For bravery and actions on the day before D Day, June 5, 1944, as detailed in his citation, he was awarded the Medal of Honor. Very badly wounded with a foot nearly severed, he saved his crew by keeping his disabled bomber, hit by antiaircraft fire, in the sky over France long enough to reach the English Channel and ditched the aircraft into the Channel.

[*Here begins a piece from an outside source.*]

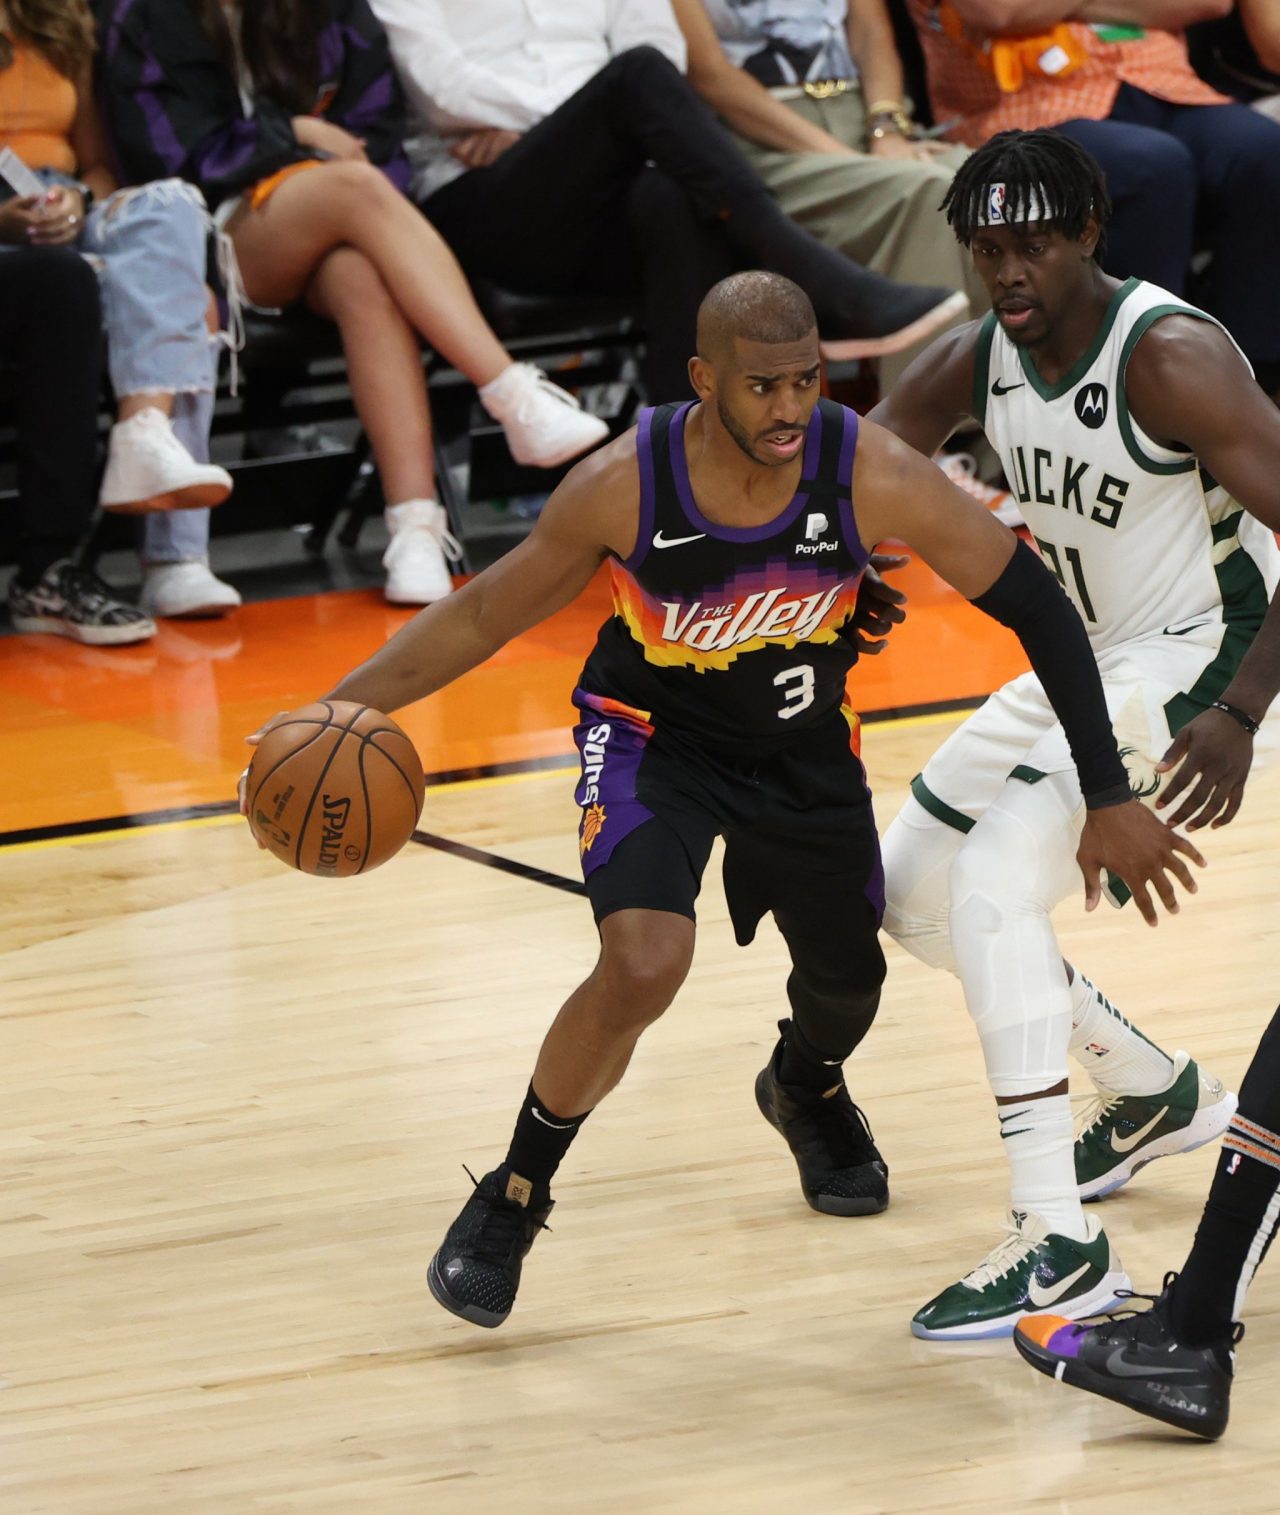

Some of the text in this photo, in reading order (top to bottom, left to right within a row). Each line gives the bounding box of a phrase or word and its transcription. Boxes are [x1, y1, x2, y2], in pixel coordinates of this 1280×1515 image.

[1009, 446, 1130, 529] UCKS
[795, 540, 839, 555] PayPal
[661, 583, 845, 651] THE Valley
[773, 664, 815, 720] 3

There is another aspect to the heroic nature of LTC Vance's actions when he was shot down. LTC Vance's unit was a heavy bomber group normally used to bomb strategic targets like German cities. Its use over France prior to D Day was to create as much damage to German troop concentrations and French bridges so as to prevent German reinforcements from reaching Normandy and the Allied beachheads planned for the very next day. The Germans knew that heavy bombers over France were doing something different and would have dearly loved to capture a high ranking officer involved in those heavy bomber missions.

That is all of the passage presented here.